“We must be listened to: above and beyond our personal experience, we have collectively witnessed a fundamental unexpected event, fundamental precisely because unexpected, not foreseen by anyone. It happened, therefore it can happen again: this is the core of what we have to say. It can happen, and it can happen everywhere.”
Primo Levi1
Lessons from World War II
After WWII, the world was shocked to learn that doctors had conducted horrific medical experiments on human beings, leaving them debilitated or dead.
The Nuremberg Code of Medical Ethics was developed to prevent such human experimentation and atrocities from ever occurring again.2 Among the principles of the code are:
1. The voluntary consent of the human subject is absolutely essential.

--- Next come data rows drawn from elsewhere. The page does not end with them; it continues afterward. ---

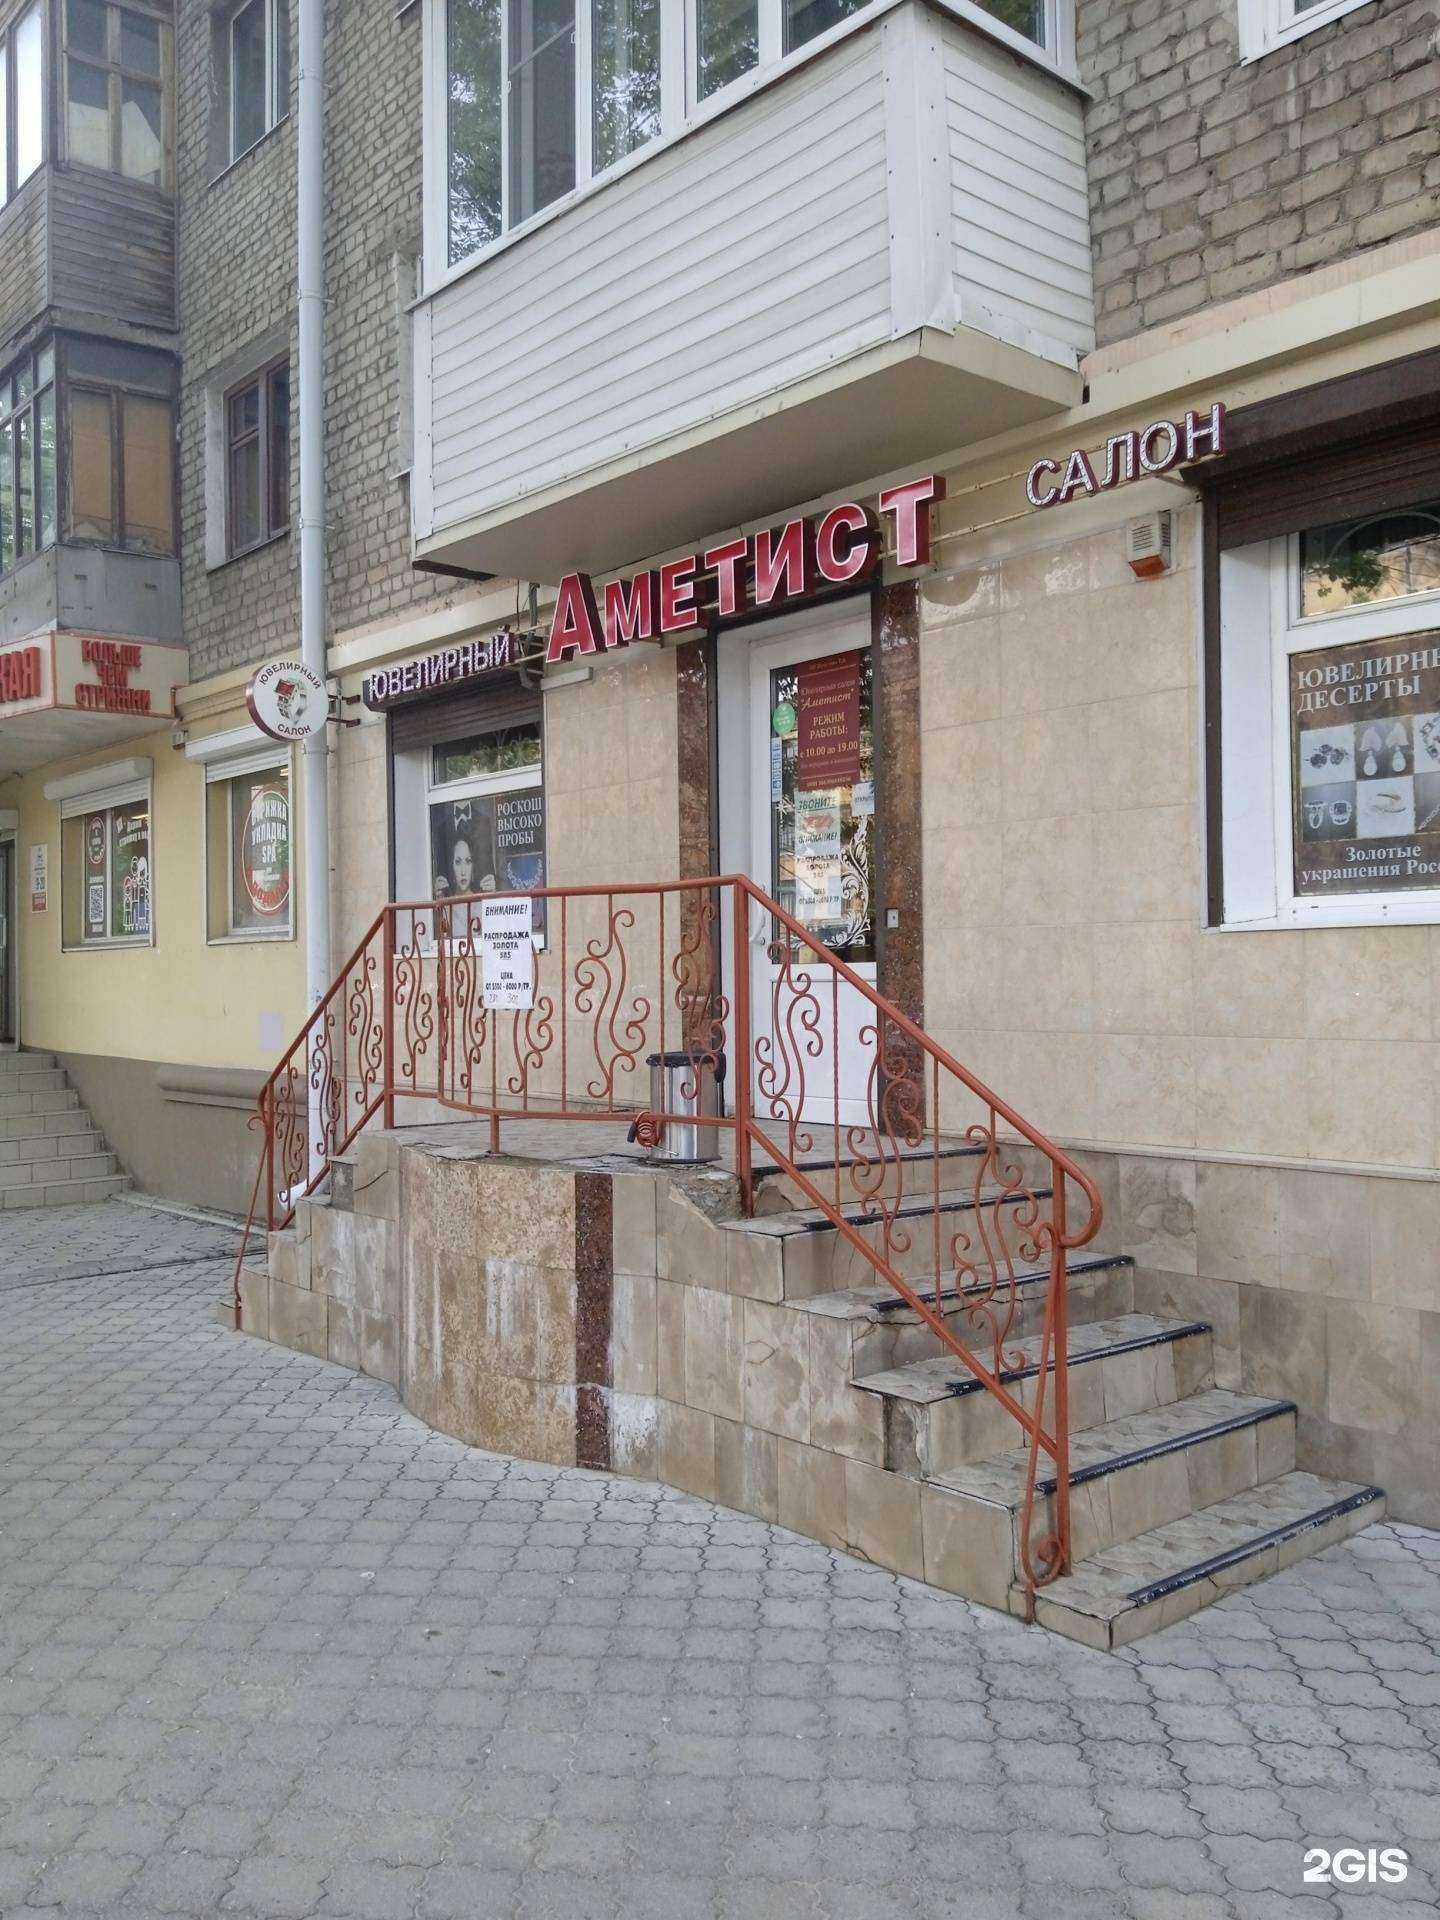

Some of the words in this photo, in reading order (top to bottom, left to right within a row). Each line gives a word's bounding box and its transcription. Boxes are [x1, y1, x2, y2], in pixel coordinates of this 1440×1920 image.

[1026, 402, 1222, 507] САЛОН
[546, 475, 941, 664] АМЕТИСТ
[81, 640, 142, 669] БОЛЬШЕ
[96, 663, 128, 688] ЧЕМ
[368, 630, 511, 702] ЮВЕЛИРНЫЙ
[260, 662, 322, 690] ЮВЕЛИРНЫЙ
[1297, 676, 1421, 713] ДЕСЕРТЫ
[813, 712, 845, 726] РЕЖИМ
[277, 723, 312, 735] САЛОН
[810, 726, 848, 740] РАБОТЫ:
[806, 746, 826, 757] 10.00
[838, 740, 858, 753] 19.00
[498, 813, 542, 832] ВЫСОКО
[498, 831, 534, 848] ПРОБЫ
[262, 844, 277, 863] SPA
[1346, 845, 1422, 863] Золотые
[1302, 862, 1401, 885] украшения
[485, 904, 528, 917] ВНИМАНИЕ!
[484, 931, 529, 941] РАСПРОДАЖА
[493, 941, 519, 949] ЗОЛОТА

This means that the person involved should have legal capacity to give consent; should be so situated as to be able to exercise free power of choice, without the intervention of any element of force, fraud, deceit, duress, over-reaching, or other ulterior form of constraint or coercion; and should have sufficient knowledge and comprehension of the elements of the subject matter involved as to enable him to make an understanding and enlightened decision. This latter element requires that before the acceptance of an affirmative decision by the experimental subject there should be made known to him the nature, duration, and purpose of the experiment; the method and means by which it is to be conducted; all inconveniences and hazards reasonably to be expected; and the effects upon his health or person which may possibly come from his participation in the experiment.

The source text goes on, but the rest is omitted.